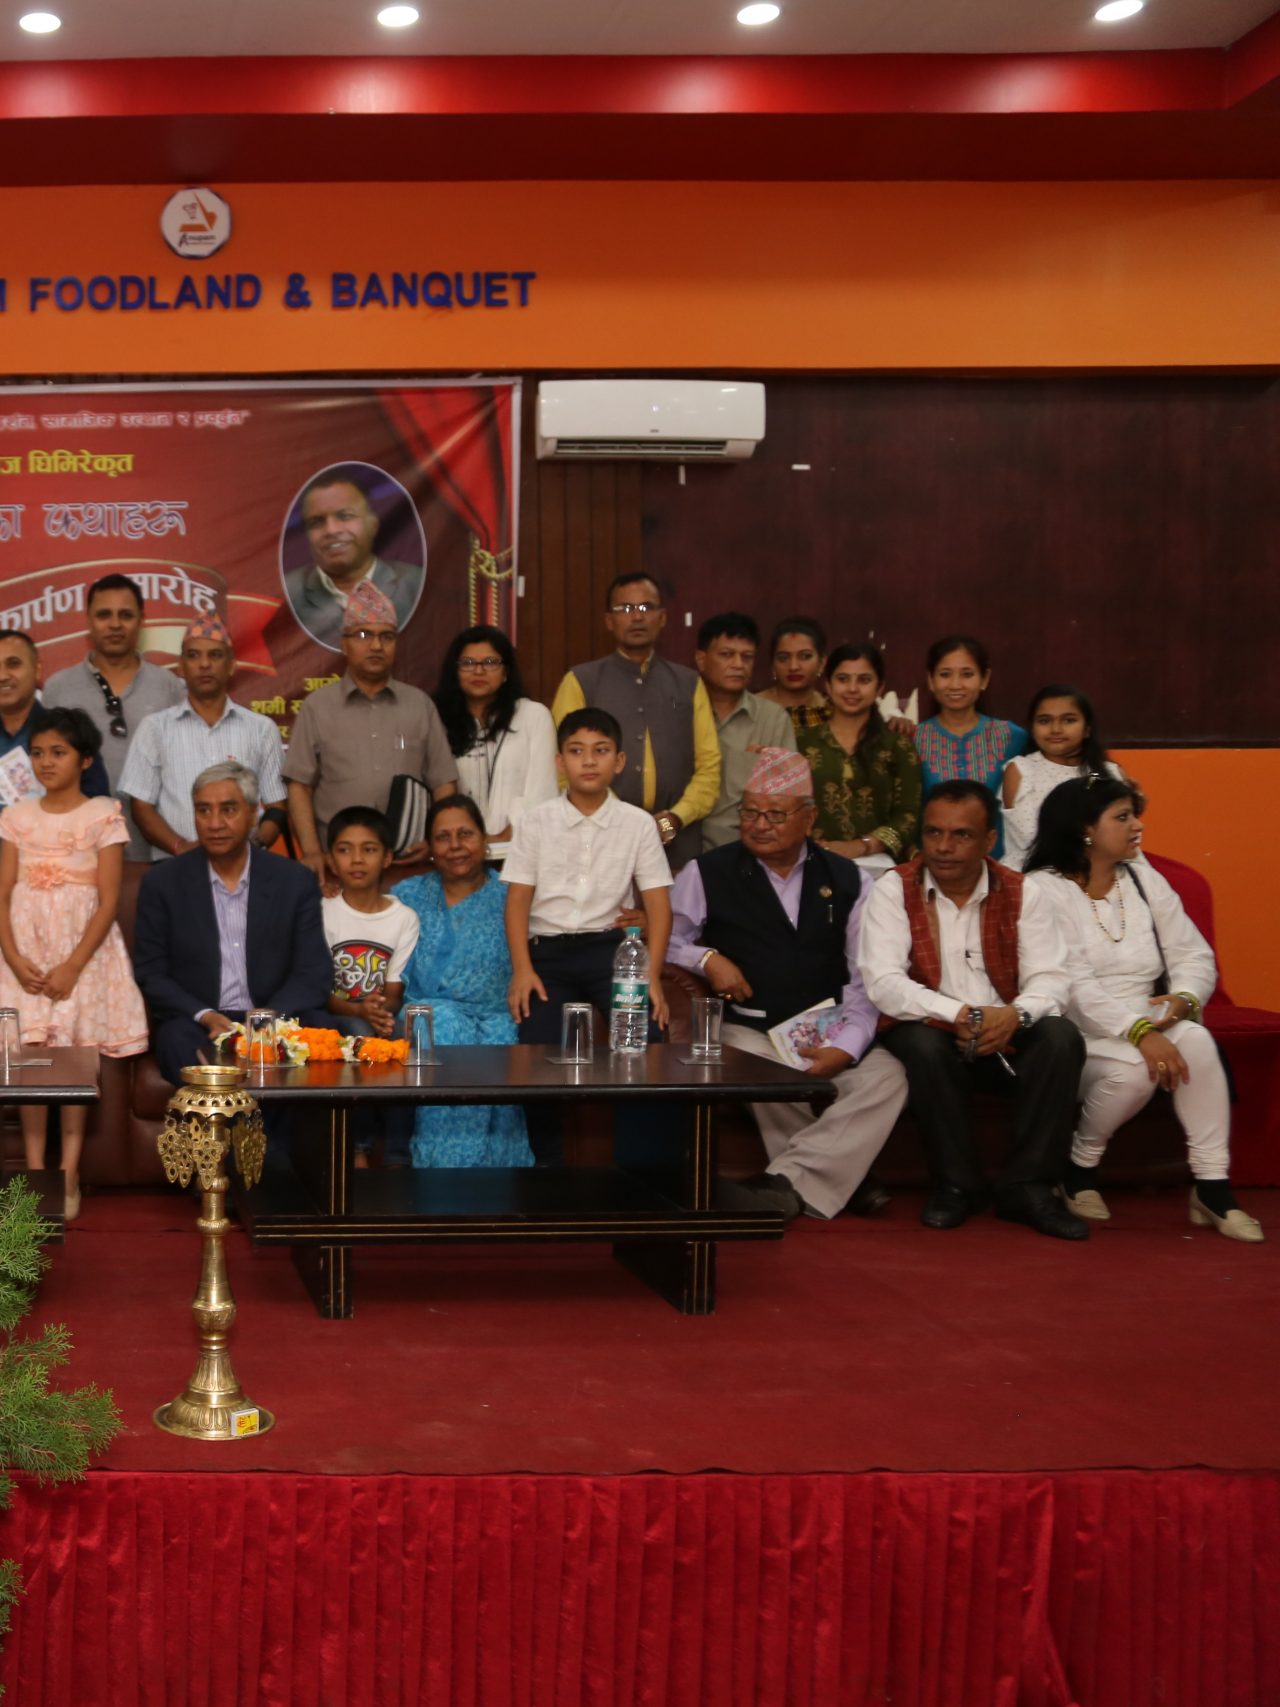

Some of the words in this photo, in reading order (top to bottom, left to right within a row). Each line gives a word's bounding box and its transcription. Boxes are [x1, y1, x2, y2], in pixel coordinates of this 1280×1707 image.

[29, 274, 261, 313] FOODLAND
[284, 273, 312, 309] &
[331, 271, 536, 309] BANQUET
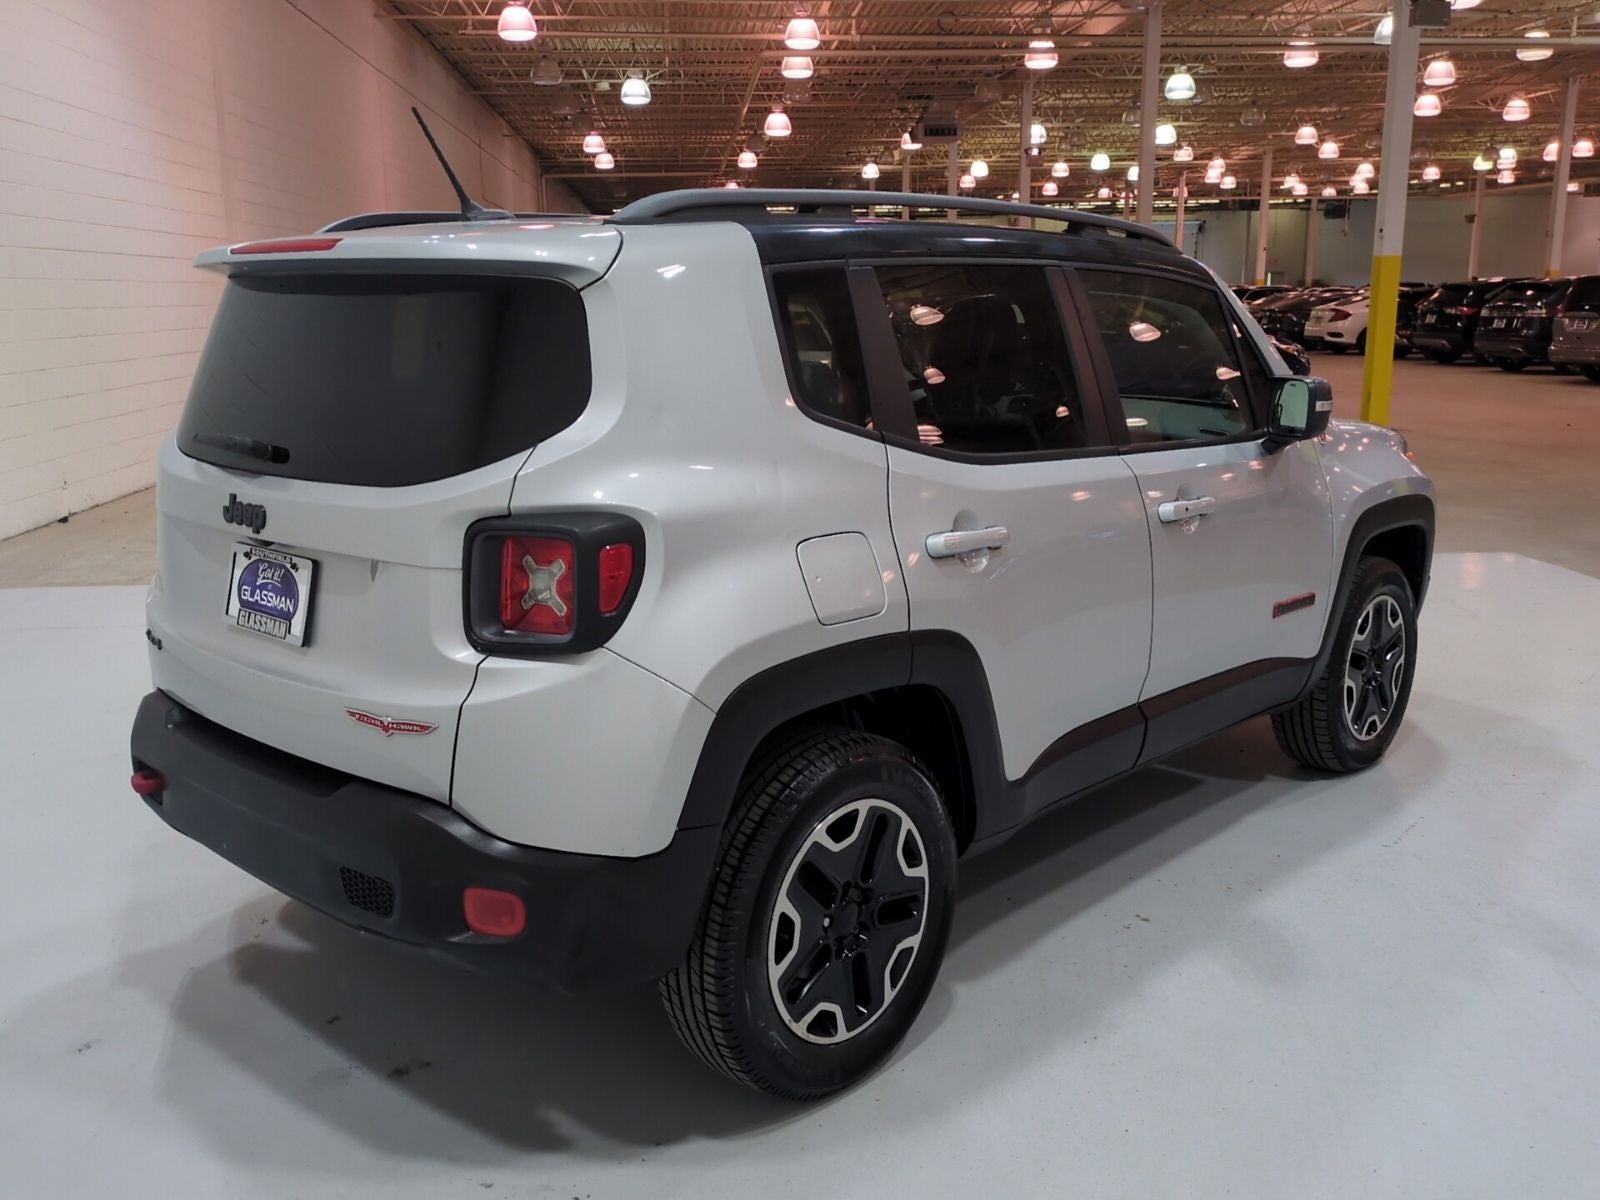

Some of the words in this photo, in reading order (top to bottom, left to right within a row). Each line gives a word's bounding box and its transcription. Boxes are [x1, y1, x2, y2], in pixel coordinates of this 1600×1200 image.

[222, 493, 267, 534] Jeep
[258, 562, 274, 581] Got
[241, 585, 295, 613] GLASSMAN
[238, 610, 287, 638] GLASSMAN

> [Instructions for the task] Output the listing word for word. Drop the pictures.

> [Task response]
Some of the words in this photo, in reading order (top to bottom, left to right within a row). Each line gives a word's bounding box and its transcription. Boxes are [x1, y1, x2, y2], in pixel coordinates of this 1280×1707 image.

[29, 274, 261, 313] FOODLAND
[284, 273, 312, 309] &
[331, 271, 536, 309] BANQUET

Some of the words in this photo, in reading order (top to bottom, left to right within a row). Each line gives a word's bounding box and its transcription. Boxes are [x1, y1, x2, y2], in pixel coordinates of this 1600×1200 image.

[222, 493, 267, 534] Jeep
[258, 562, 274, 581] Got
[241, 585, 295, 613] GLASSMAN
[238, 610, 287, 638] GLASSMAN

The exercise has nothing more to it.